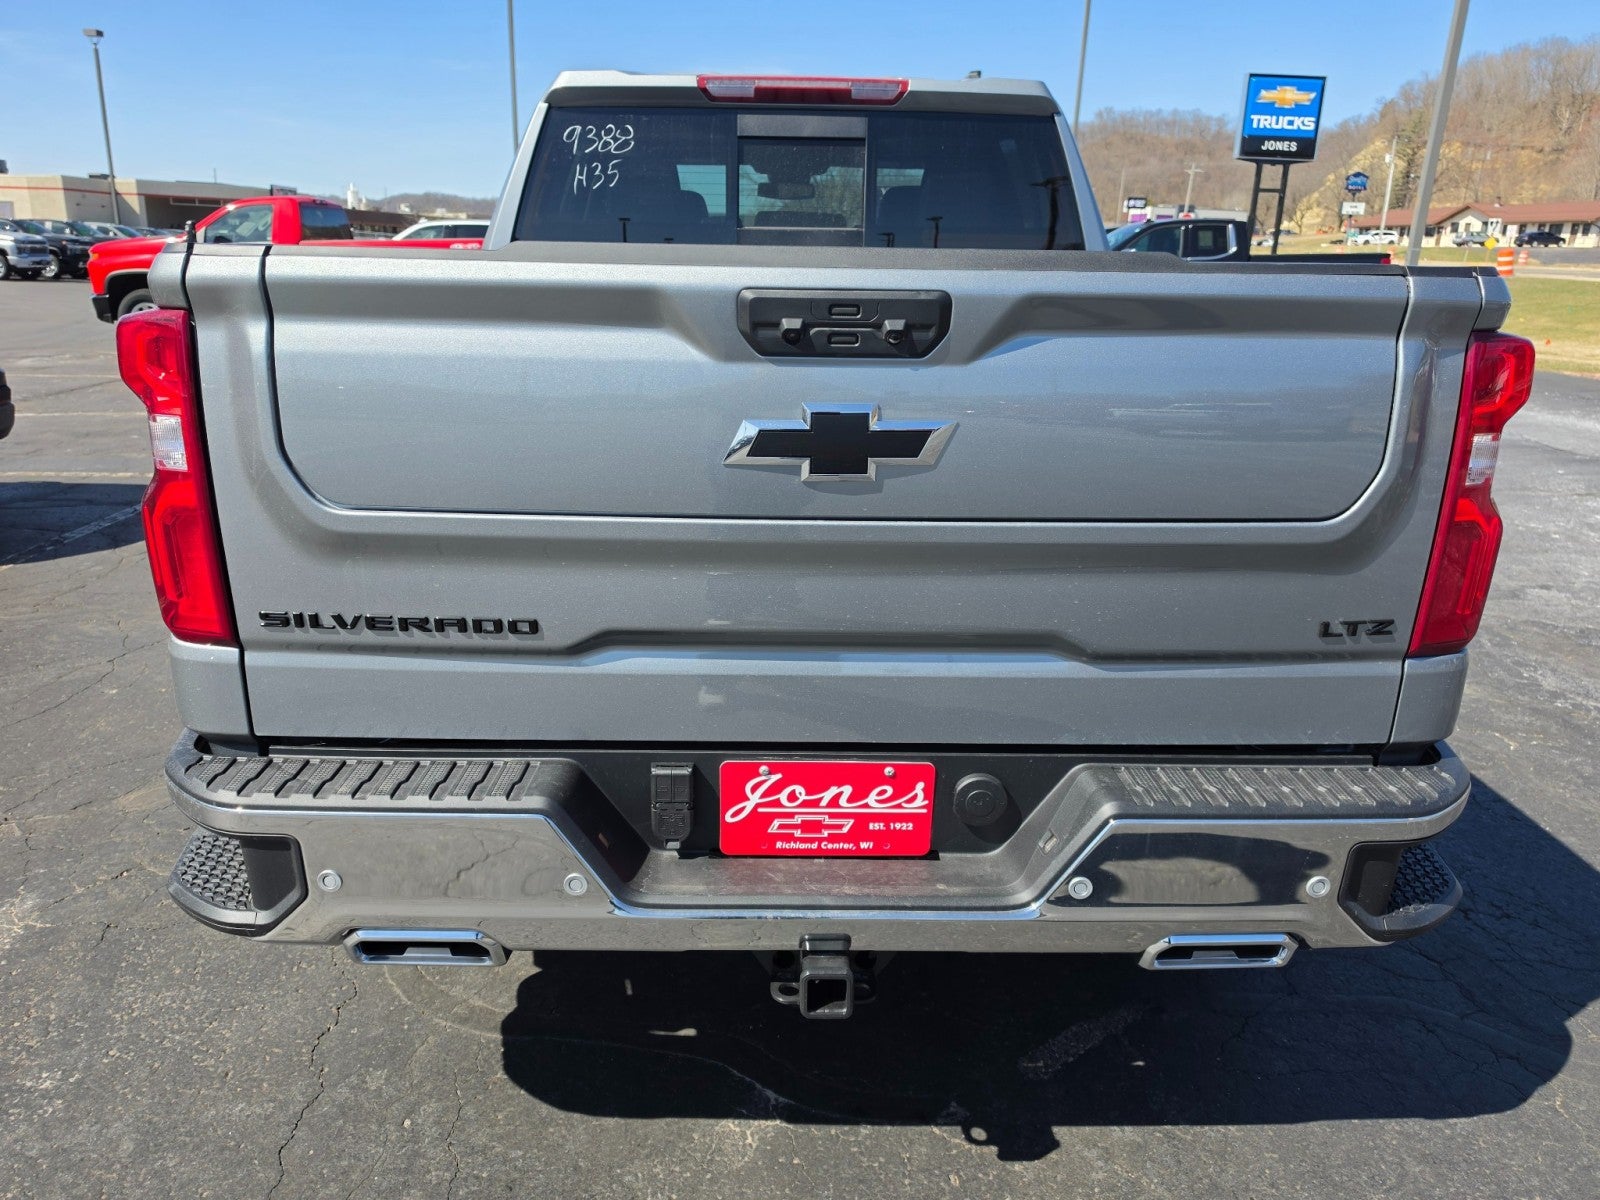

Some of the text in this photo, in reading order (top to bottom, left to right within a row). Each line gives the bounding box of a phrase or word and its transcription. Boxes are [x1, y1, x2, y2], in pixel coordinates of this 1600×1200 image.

[1250, 114, 1316, 130] TRUCKS
[563, 124, 634, 154] 9388
[1261, 140, 1297, 151] JONES
[574, 159, 622, 195] H35
[259, 611, 539, 635] SILVERADO
[1319, 619, 1395, 637] LTZ
[725, 773, 929, 823] Jones
[868, 822, 913, 830] EST. 1922
[775, 841, 874, 850] Richland Center, WI

▶ [WHAT TO PRODUCE]: Each line of the listing is to be retyped exactly, and its pictures are to be dropped.

▶ [OUTPUT BELOW]:
Some of the text in this photo, in reading order (top to bottom, left to right within a row). Each line gives the bounding box of a phrase or word and its transcription. Boxes are [x1, y1, x2, y2], in pixel coordinates of this 1600×1200 image.

[1250, 114, 1316, 130] TRUCKS
[563, 124, 634, 154] 9388
[1261, 140, 1297, 151] JONES
[574, 159, 622, 195] H35
[259, 611, 539, 635] SILVERADO
[1319, 619, 1395, 637] LTZ
[725, 773, 929, 823] Jones
[868, 822, 913, 830] EST. 1922
[775, 841, 874, 850] Richland Center, WI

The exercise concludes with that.